From giant, starchy baking potatoes to small, waxy fingerlings; from pale white to deep purple, there are almost endless options available to you when you grow your own potatoes, and there are in fact more varieties about than we ever seem to be able to lay our hands on in the stores, and also the stores that sell seed potatoes.

The flavors and colors far exceed what's available in most grocery stores. And, with a little planning, even those of us with small gardens can grow at least a few potatoes.

But, you do not, if you do not want, have to buy seed potatoes – I don't. You can use, despite the fact that supposed gardening experts will tell you that you must by seed potatoes, simply store bought ones that have developed eyes. I do that all the time and they taste so much better than those from the shops, even though that's where they can from originally.

You can grow potatoes in many ways, from the “original” method of rows that you earth up later, to growing potatoes in a raised bed, growing in a garbage bag, and growing in a wire mesh cylinder.

I have found that growing potatoes in planters, in my case they are large plastic tubs in which trees came from planting, to which soil gets added periodically, after the initial layer of soil, onto which the slips of potatoes are placed and then covered, to “hill up” or “earth up” and I have had fairly good results from very little input.
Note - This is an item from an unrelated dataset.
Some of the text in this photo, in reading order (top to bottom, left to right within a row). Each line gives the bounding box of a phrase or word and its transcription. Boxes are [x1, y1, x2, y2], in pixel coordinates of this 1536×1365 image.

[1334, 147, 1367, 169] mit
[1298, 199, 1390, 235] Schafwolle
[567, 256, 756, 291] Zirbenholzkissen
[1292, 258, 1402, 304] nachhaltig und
In fact the slips I use for my potatoes are but eyes on a thick slice of potato peel.

I have had a volunteer potato plant – actually I had more than one – last year and one of them, while not producing many (I had hoped for more from that large plant) produced, apart from some small little ones, one large baking potato that was about two pounds in weight.

Then again, I must say that I did absolutely nothing to that plant, bar giving it water, and it was, in fact, too close to the surface and some of the potatoes had gotten exposed to the light and thus gone green and had become inedible. It is being said, always, that potatoes that have gone green from exposure to light are poisonous and I am not about to try as to whether that is true or not.
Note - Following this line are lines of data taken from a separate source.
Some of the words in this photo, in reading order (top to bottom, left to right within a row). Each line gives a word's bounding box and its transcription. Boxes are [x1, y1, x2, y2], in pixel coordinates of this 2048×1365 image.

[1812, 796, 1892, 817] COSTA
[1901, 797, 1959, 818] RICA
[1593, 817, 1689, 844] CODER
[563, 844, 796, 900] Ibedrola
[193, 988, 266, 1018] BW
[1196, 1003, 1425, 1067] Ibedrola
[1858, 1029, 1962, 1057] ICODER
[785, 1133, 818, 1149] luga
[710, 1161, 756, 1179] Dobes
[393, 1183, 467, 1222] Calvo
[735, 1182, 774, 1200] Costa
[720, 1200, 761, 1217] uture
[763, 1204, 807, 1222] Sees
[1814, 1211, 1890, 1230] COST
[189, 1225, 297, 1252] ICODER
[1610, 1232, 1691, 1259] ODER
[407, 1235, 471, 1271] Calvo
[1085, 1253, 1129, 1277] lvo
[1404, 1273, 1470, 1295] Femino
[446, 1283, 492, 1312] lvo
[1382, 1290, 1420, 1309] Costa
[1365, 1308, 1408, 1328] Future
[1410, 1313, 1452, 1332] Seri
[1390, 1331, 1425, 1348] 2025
It is important that the container or raised bed is deep enough and you must ensure that any small potatoes that may work their way up to the surface get covered with coil rather pronto. That way you get a good supply of taters.

As far as I am concerned I can live on taters, cabbage and beans, with a few extra additions. A little different to the Native Americans' “Three Sisters” but... and the “Three Sisters” can also come along, as one of them is already part of my version, namely the bean.

You can buy, nowadays, containers specially designed and created for planting potatoes and I have one presently under test, so to speak, though already mentioned by way of a review and that is the Potato Grow Pot from ??? and available in the UK, amongst others, from the Lakeland Garden Catalog 2011.

But whether you need such special planters or not is more or less up to you. If you can find some large tubs, or some boxes – of the kind that are being used for kerbside recycling – and others, I am sure you can grow a good crop of potatoes also that way.

Growing potatoes, while in general very simple indeed, does have problems, and the greatest is the potato blight, which is also carried by its close cousin, the tomato. That is the very reason that you must never have potatoes and tomatoes in close proximity.

The blight will decimate all your potatoes in no time and wet weather is one of the greatest causal agent. Tomatoes that have caught the blight, on the other hand, if they grow too close to you potatoes, can do it faster still than wet weather.